The records below are to be repeated exactly, minus any pictures.

### ENTRIES SUPPLIED

-- -- --

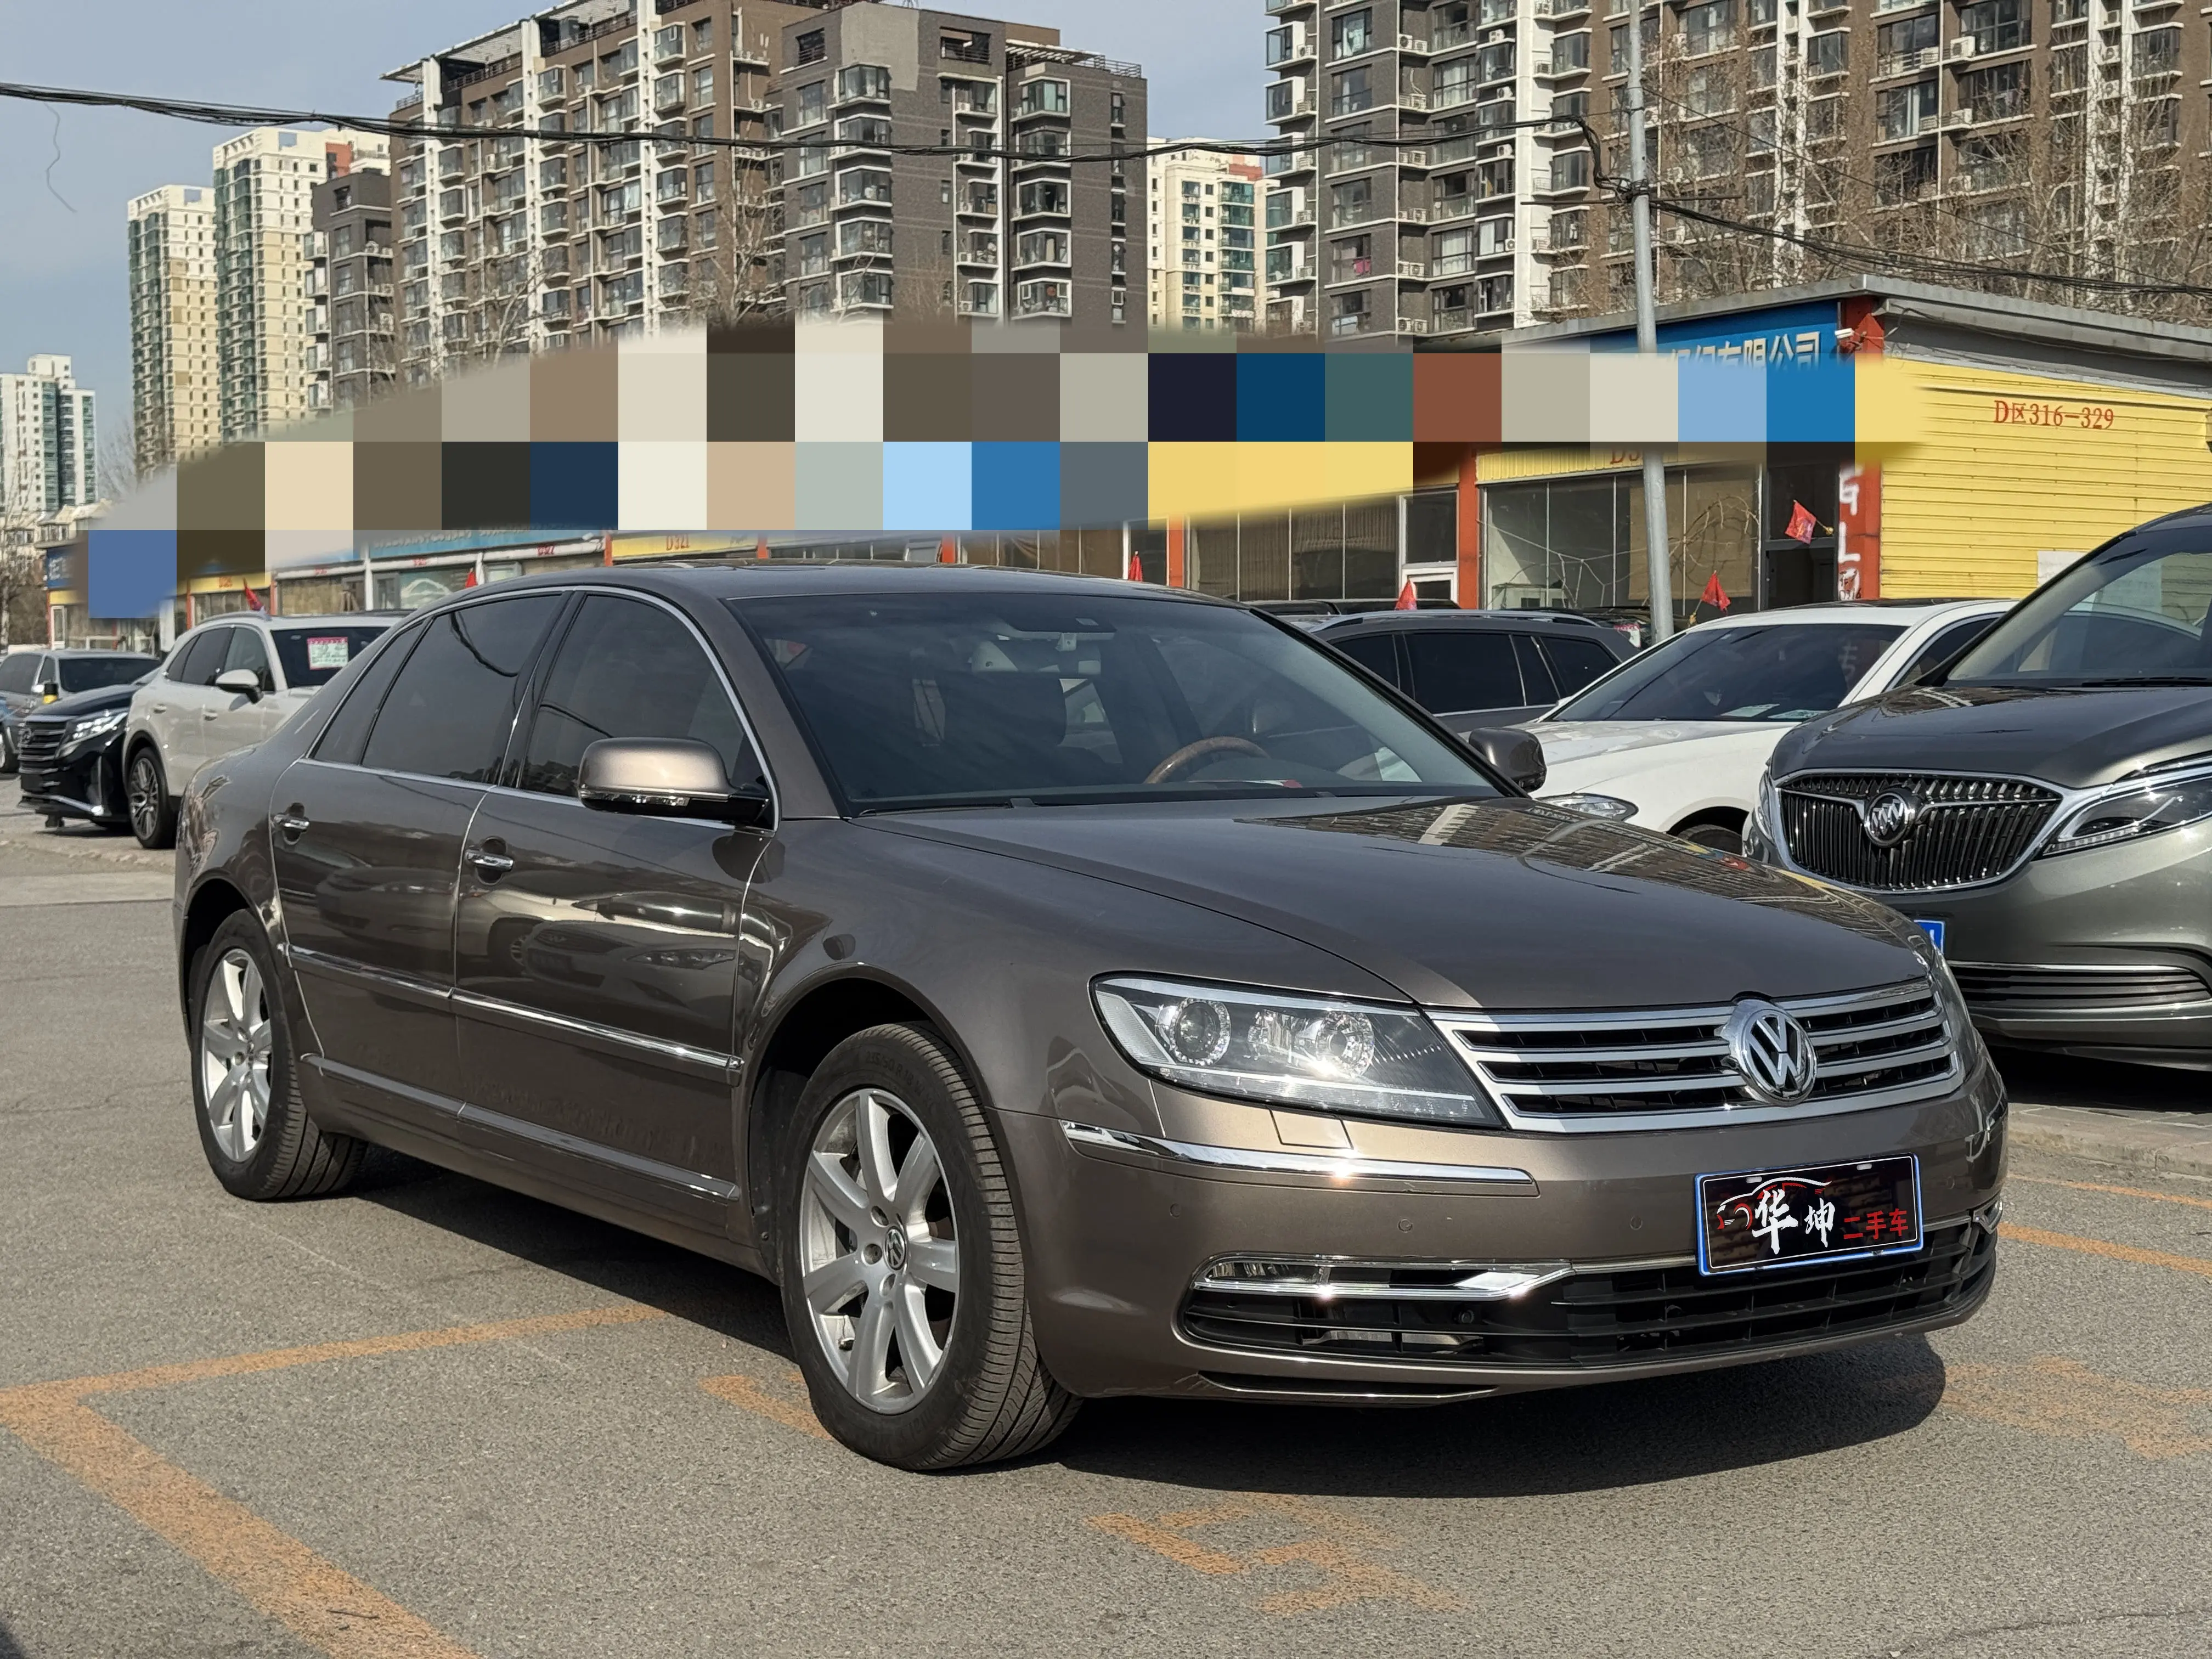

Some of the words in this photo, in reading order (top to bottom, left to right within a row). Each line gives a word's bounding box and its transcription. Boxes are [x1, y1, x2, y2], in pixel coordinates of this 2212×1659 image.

[1994, 400, 2113, 429] D区316-329
[1752, 1189, 1836, 1255] 华坤
[1843, 1208, 1908, 1240] 二手车
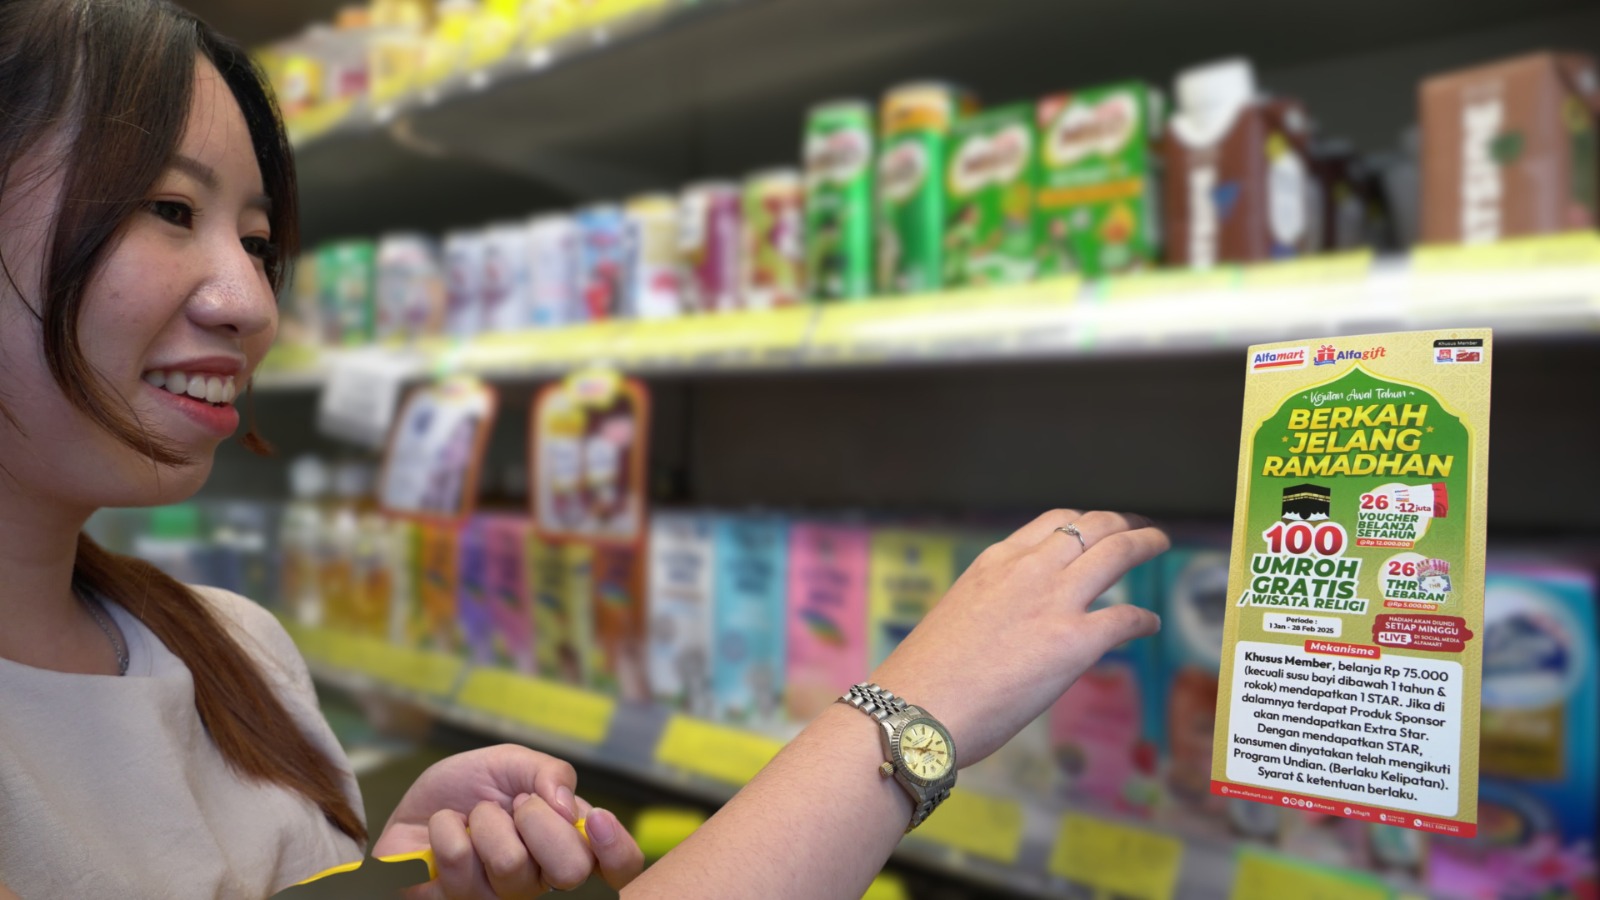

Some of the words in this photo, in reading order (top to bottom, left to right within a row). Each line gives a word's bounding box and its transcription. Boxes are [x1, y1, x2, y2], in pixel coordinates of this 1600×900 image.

[1254, 349, 1304, 363] Alfamart
[1336, 346, 1387, 360] Alfagift
[1310, 391, 1344, 407] Kejutan
[1346, 388, 1372, 401] Awal
[1375, 388, 1406, 400] Tahun
[1287, 403, 1428, 430] BERKAH
[1288, 428, 1423, 454] JELANG
[1261, 453, 1454, 477] RAMADHAN
[1361, 494, 1389, 510] 26
[1357, 521, 1415, 531] BELANJA
[1359, 512, 1419, 523] VOUCHER
[1266, 524, 1343, 556] 100
[1357, 529, 1417, 540] SETAHUN
[1252, 556, 1359, 579] UMROH
[1388, 561, 1415, 577] 26
[1252, 576, 1356, 599] GRATIS
[1386, 579, 1418, 590] THR
[1314, 598, 1366, 612] RELIGI
[1385, 589, 1446, 602] LEBARAN
[1403, 602, 1436, 610] 5.000.000
[1302, 625, 1315, 633] Feb
[1385, 622, 1417, 631] SETIAP
[1418, 625, 1459, 635] MINGGU
[1310, 642, 1375, 656] Mekanisme
[1244, 652, 1283, 664] Khusus
[1284, 655, 1336, 671] Member,
[1338, 661, 1381, 676] belanja
[1384, 665, 1401, 678] Rp
[1403, 667, 1449, 682] 75.000
[1244, 665, 1284, 679] (kecuali
[1286, 671, 1309, 681] susu
[1311, 672, 1336, 686] bayi
[1338, 676, 1389, 690] dibawah
[1391, 681, 1396, 691] 1
[1398, 683, 1435, 696] tahun
[1437, 686, 1447, 697] &
[1244, 680, 1277, 693] rokok)
[1279, 686, 1358, 701] mendapatkan
[1360, 692, 1364, 702] 1
[1367, 693, 1403, 707] STAR.
[1405, 698, 1431, 711] Jika
[1433, 702, 1445, 712] di
[1241, 693, 1295, 709] dalamnya
[1296, 699, 1347, 715] terdapat
[1349, 706, 1392, 720] Produk
[1394, 711, 1447, 727] Sponsor
[1253, 709, 1280, 720] akan
[1282, 714, 1361, 732] mendapatkan
[1364, 723, 1397, 737] Extra
[1399, 727, 1429, 741] Star.
[1257, 723, 1300, 738] Dengan
[1302, 731, 1384, 750] mendapatkan
[1386, 741, 1423, 757] STAR,
[1233, 733, 1287, 751] konsumen
[1289, 742, 1353, 760] dinyatakan
[1356, 752, 1386, 765] telah
[1388, 758, 1451, 775] mengikuti
[1233, 748, 1281, 764] Program
[1283, 755, 1326, 772] Undian.
[1329, 762, 1378, 779] (Berlaku
[1380, 770, 1449, 791] Kelipatan).
[1257, 766, 1295, 781] Syarat
[1296, 772, 1304, 783] &
[1306, 774, 1365, 792] ketentuan
[1367, 783, 1418, 801] berlaku.

-- -- --

### TASK RESPONSE
Some of the words in this photo, in reading order (top to bottom, left to right within a row). Each line gives a word's bounding box and its transcription. Boxes are [x1, y1, x2, y2], in pixel coordinates of this 2212×1659 image.

[1994, 400, 2113, 429] D区316-329
[1752, 1189, 1836, 1255] 华坤
[1843, 1208, 1908, 1240] 二手车

Some of the words in this photo, in reading order (top to bottom, left to right within a row). Each line gives a word's bounding box and its transcription. Boxes are [x1, y1, x2, y2], in pixel coordinates of this 1600×900 image.

[1254, 349, 1304, 363] Alfamart
[1336, 346, 1387, 360] Alfagift
[1310, 391, 1344, 407] Kejutan
[1346, 388, 1372, 401] Awal
[1375, 388, 1406, 400] Tahun
[1287, 403, 1428, 430] BERKAH
[1288, 428, 1423, 454] JELANG
[1261, 453, 1454, 477] RAMADHAN
[1361, 494, 1389, 510] 26
[1357, 521, 1415, 531] BELANJA
[1359, 512, 1419, 523] VOUCHER
[1266, 524, 1343, 556] 100
[1357, 529, 1417, 540] SETAHUN
[1252, 556, 1359, 579] UMROH
[1388, 561, 1415, 577] 26
[1252, 576, 1356, 599] GRATIS
[1386, 579, 1418, 590] THR
[1314, 598, 1366, 612] RELIGI
[1385, 589, 1446, 602] LEBARAN
[1403, 602, 1436, 610] 5.000.000
[1302, 625, 1315, 633] Feb
[1385, 622, 1417, 631] SETIAP
[1418, 625, 1459, 635] MINGGU
[1310, 642, 1375, 656] Mekanisme
[1244, 652, 1283, 664] Khusus
[1284, 655, 1336, 671] Member,
[1338, 661, 1381, 676] belanja
[1384, 665, 1401, 678] Rp
[1403, 667, 1449, 682] 75.000
[1244, 665, 1284, 679] (kecuali
[1286, 671, 1309, 681] susu
[1311, 672, 1336, 686] bayi
[1338, 676, 1389, 690] dibawah
[1391, 681, 1396, 691] 1
[1398, 683, 1435, 696] tahun
[1437, 686, 1447, 697] &
[1244, 680, 1277, 693] rokok)
[1279, 686, 1358, 701] mendapatkan
[1360, 692, 1364, 702] 1
[1367, 693, 1403, 707] STAR.
[1405, 698, 1431, 711] Jika
[1433, 702, 1445, 712] di
[1241, 693, 1295, 709] dalamnya
[1296, 699, 1347, 715] terdapat
[1349, 706, 1392, 720] Produk
[1394, 711, 1447, 727] Sponsor
[1253, 709, 1280, 720] akan
[1282, 714, 1361, 732] mendapatkan
[1364, 723, 1397, 737] Extra
[1399, 727, 1429, 741] Star.
[1257, 723, 1300, 738] Dengan
[1302, 731, 1384, 750] mendapatkan
[1386, 741, 1423, 757] STAR,
[1233, 733, 1287, 751] konsumen
[1289, 742, 1353, 760] dinyatakan
[1356, 752, 1386, 765] telah
[1388, 758, 1451, 775] mengikuti
[1233, 748, 1281, 764] Program
[1283, 755, 1326, 772] Undian.
[1329, 762, 1378, 779] (Berlaku
[1380, 770, 1449, 791] Kelipatan).
[1257, 766, 1295, 781] Syarat
[1296, 772, 1304, 783] &
[1306, 774, 1365, 792] ketentuan
[1367, 783, 1418, 801] berlaku.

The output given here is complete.